The answer must be the lines from the one containing "this 1296×972 image." through the last line of the data below, copied exactly, with nothing else.

------

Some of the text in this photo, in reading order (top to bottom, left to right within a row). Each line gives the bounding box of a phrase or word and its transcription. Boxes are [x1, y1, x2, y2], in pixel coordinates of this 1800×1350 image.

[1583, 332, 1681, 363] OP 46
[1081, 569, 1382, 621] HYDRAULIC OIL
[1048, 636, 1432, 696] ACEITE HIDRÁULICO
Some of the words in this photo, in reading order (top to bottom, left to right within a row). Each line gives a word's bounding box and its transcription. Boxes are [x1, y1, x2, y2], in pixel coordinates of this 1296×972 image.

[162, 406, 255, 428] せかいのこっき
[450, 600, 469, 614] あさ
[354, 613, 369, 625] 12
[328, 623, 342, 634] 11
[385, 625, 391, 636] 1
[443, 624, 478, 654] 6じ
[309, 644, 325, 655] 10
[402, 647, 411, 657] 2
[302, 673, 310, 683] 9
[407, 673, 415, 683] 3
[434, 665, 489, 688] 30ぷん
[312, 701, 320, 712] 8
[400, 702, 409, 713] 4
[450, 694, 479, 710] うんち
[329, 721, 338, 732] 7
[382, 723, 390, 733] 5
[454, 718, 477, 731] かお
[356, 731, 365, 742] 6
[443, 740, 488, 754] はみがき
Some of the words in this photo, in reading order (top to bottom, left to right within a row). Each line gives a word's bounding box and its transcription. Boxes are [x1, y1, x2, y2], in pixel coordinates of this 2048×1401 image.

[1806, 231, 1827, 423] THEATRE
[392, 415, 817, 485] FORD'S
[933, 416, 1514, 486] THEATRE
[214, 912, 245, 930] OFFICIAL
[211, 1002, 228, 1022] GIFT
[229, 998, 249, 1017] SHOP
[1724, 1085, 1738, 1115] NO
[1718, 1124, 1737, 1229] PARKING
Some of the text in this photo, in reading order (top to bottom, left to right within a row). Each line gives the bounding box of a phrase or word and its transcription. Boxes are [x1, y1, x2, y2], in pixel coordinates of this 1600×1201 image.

------

§ THE ANSWER
Some of the words in this photo, in reading order (top to bottom, left to right within a row). Each line gives a word's bounding box and its transcription. Boxes are [x1, y1, x2, y2], in pixel coordinates of this 1296×972 image.

[162, 406, 255, 428] せかいのこっき
[450, 600, 469, 614] あさ
[354, 613, 369, 625] 12
[328, 623, 342, 634] 11
[385, 625, 391, 636] 1
[443, 624, 478, 654] 6じ
[309, 644, 325, 655] 10
[402, 647, 411, 657] 2
[302, 673, 310, 683] 9
[407, 673, 415, 683] 3
[434, 665, 489, 688] 30ぷん
[312, 701, 320, 712] 8
[400, 702, 409, 713] 4
[450, 694, 479, 710] うんち
[329, 721, 338, 732] 7
[382, 723, 390, 733] 5
[454, 718, 477, 731] かお
[356, 731, 365, 742] 6
[443, 740, 488, 754] はみがき
Some of the words in this photo, in reading order (top to bottom, left to right within a row). Each line gives a word's bounding box and its transcription. Boxes are [x1, y1, x2, y2], in pixel coordinates of this 2048×1401 image.

[1806, 231, 1827, 423] THEATRE
[392, 415, 817, 485] FORD'S
[933, 416, 1514, 486] THEATRE
[214, 912, 245, 930] OFFICIAL
[211, 1002, 228, 1022] GIFT
[229, 998, 249, 1017] SHOP
[1724, 1085, 1738, 1115] NO
[1718, 1124, 1737, 1229] PARKING
Some of the text in this photo, in reading order (top to bottom, left to right within a row). Each line gives the bounding box of a phrase or word and its transcription. Boxes are [x1, y1, x2, y2], in pixel coordinates of this 1600×1201 image.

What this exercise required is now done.